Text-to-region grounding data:

---------------

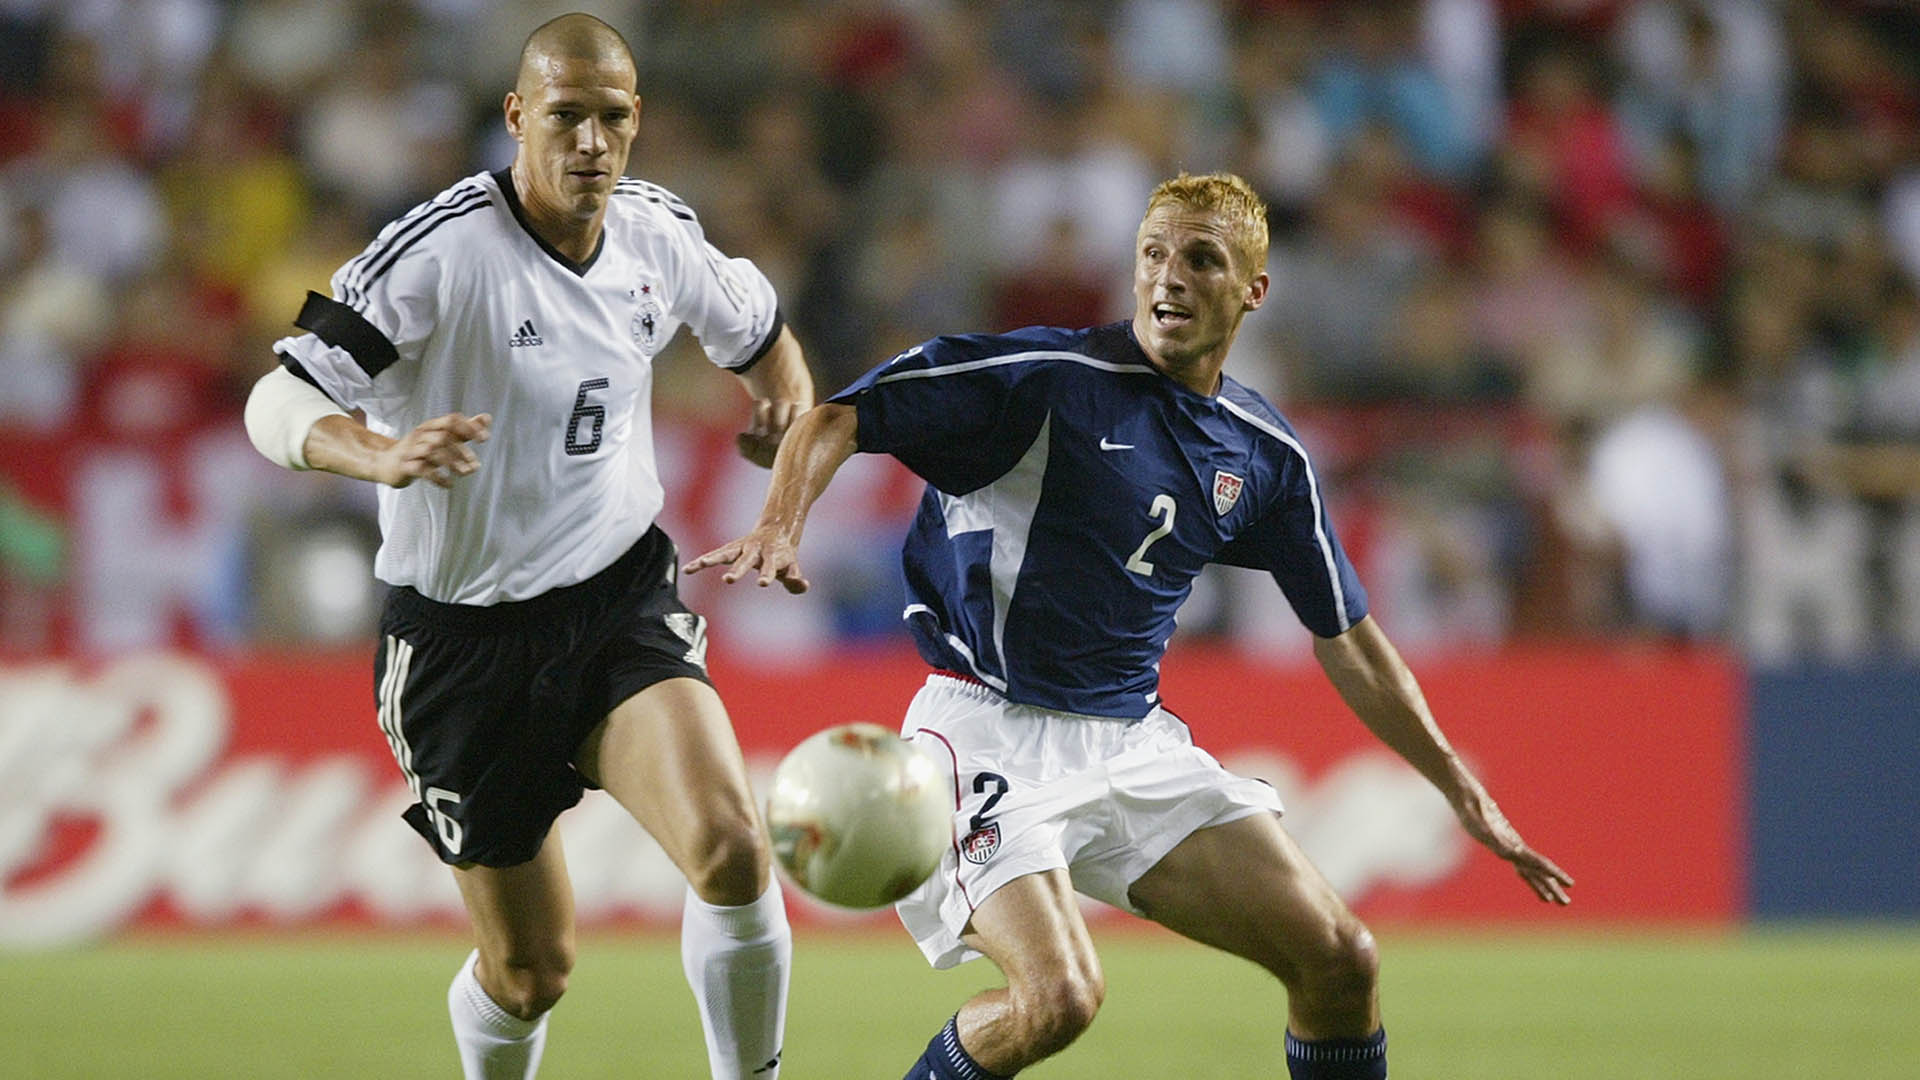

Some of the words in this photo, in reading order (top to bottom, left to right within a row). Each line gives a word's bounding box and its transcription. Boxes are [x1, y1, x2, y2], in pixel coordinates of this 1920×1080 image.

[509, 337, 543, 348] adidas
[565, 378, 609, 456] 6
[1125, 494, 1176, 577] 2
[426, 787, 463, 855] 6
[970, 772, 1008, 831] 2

---------------

What you will do =
Set the records down again exactly, and omit any picture in them.

Output of the exercise =
Some of the words in this photo, in reading order (top to bottom, left to right within a row). Each line gives a word's bounding box and its transcription. Boxes are [x1, y1, x2, y2], in pixel coordinates of this 1920×1080 image.

[509, 337, 543, 348] adidas
[565, 378, 609, 456] 6
[1125, 494, 1176, 577] 2
[426, 787, 463, 855] 6
[970, 772, 1008, 831] 2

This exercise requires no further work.